Agitate. Such a mild verb. She narrowed her eyes at Gulielmus, and he finally cracked a grin that wasn’t completely smarmy. He found her amusing, apparently.
“So, it’s a messy coincidence. Whoever he’s working with is interested in her,” Clarissa said.
He nodded slowly. “That would be my best guess. It’s likely another witch. Have you made any enemies, Gail?”
Enemies? Other than during her divorce? Nope. She’d always been a good girl. God forbid she offended anyone. Her grandmother would probably hear about it.
She shook her hea
d.
“Well, be careful, witch. He didn’t get his chance to catch you, but perhaps you’re substitutable. Mind your sister, because whoever it is may decide that she’ll do in a pinch.”
She reached into her pocket and snatched out her phone. Still no response from Ellery.
He grabbed Jason by the collar and they both started to fade at the edges.
“Wait!” she called out, dashing around Clarissa. “Don’t go. My sister!”
“If we see her, we’ll let you know,” Jason said. His voice held a note of true empathy as they disappeared, but that wasn’t good enough.

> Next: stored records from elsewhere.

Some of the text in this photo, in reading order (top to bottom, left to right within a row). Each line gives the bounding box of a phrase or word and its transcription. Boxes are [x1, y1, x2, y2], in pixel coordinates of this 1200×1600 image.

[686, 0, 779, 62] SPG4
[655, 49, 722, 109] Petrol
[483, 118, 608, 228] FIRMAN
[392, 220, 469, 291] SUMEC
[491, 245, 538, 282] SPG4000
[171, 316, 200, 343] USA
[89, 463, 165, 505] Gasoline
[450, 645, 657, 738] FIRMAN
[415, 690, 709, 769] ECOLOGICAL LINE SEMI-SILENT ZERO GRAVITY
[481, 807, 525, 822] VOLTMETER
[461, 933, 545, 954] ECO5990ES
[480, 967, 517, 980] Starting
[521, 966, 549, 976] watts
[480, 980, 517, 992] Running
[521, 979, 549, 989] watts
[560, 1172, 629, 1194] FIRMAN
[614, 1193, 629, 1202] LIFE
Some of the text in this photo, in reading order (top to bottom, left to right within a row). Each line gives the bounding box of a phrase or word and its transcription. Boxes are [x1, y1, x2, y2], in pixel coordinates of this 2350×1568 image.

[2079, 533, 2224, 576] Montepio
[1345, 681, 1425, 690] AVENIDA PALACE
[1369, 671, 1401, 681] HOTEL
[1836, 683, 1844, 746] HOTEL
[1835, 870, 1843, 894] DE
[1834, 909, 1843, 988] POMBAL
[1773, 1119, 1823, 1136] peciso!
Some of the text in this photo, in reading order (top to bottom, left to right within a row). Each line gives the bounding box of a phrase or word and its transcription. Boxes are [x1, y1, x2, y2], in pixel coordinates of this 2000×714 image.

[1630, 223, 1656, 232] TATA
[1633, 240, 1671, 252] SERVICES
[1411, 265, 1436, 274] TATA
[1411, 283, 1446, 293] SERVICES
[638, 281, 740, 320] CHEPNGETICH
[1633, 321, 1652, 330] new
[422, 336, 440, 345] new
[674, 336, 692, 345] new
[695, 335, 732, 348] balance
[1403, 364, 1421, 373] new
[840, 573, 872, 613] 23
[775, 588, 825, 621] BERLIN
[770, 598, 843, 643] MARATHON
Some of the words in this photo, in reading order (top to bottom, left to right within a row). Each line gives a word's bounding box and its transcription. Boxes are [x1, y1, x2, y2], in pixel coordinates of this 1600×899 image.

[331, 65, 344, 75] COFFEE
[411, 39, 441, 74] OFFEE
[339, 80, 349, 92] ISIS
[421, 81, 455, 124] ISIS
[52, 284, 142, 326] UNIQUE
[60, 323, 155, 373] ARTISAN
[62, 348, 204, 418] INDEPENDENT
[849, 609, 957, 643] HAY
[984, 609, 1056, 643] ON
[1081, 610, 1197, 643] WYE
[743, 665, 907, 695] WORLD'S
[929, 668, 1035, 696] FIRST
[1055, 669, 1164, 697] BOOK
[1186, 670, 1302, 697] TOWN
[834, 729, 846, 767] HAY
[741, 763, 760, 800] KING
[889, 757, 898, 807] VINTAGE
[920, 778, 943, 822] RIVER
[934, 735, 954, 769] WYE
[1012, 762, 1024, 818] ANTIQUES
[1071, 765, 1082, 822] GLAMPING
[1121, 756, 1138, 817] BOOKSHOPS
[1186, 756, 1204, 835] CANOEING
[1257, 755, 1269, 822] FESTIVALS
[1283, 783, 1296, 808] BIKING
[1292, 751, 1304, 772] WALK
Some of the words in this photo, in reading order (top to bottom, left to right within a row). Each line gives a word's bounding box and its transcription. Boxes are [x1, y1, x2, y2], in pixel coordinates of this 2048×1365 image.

If we see her could be too late, and Gail refused to stand idle when she could act.
“Fuck.” She tossed the spatula into the corner where the demons had been standing and threw open the shutters.
“I’ll call the boys and let them know what’s happening,” Clarissa said. “It’s a long damn drive back to the coast.”
Gail called the bartender. “Hey! Tell Barrett I can’t do my two weeks. I’m sorry, but I gotta get out of here.”
She hoped that feeling in her gut was wrong and that Ellery was fine.
CHAPTER THIRTEEN
Claude stubbed out his cigarette when the headlights of Clarissa’s pick-up truck angled toward the long driveway. Barefoot, he walked down the porch stairs and across the grass to greet them the moment they parked.
He pulled on the front passenger door’s handle and mashed his thumb against the square red button on Gail’s seatbelt release before she could refuse his aid.
He pulled her out, wrapped her tightly in his arms, and pressed his face against the bend of her neck.
“Claude, let go of me,” she said flatly.
He didn’t take it personally, considering what must have been circulating through her mind at the moment. She wanted to spring to action, probably, but he needed his magic back. He was going damn near manic, as evidenced by the two full packs of cigarettes he’d smoked in the half day she’d been gone.
He just hadn’t wanted to strip it from her too fast. It’d be far worse than ripping a Band-Aid off. If he used too much force, he would potentially take what wasn’t his.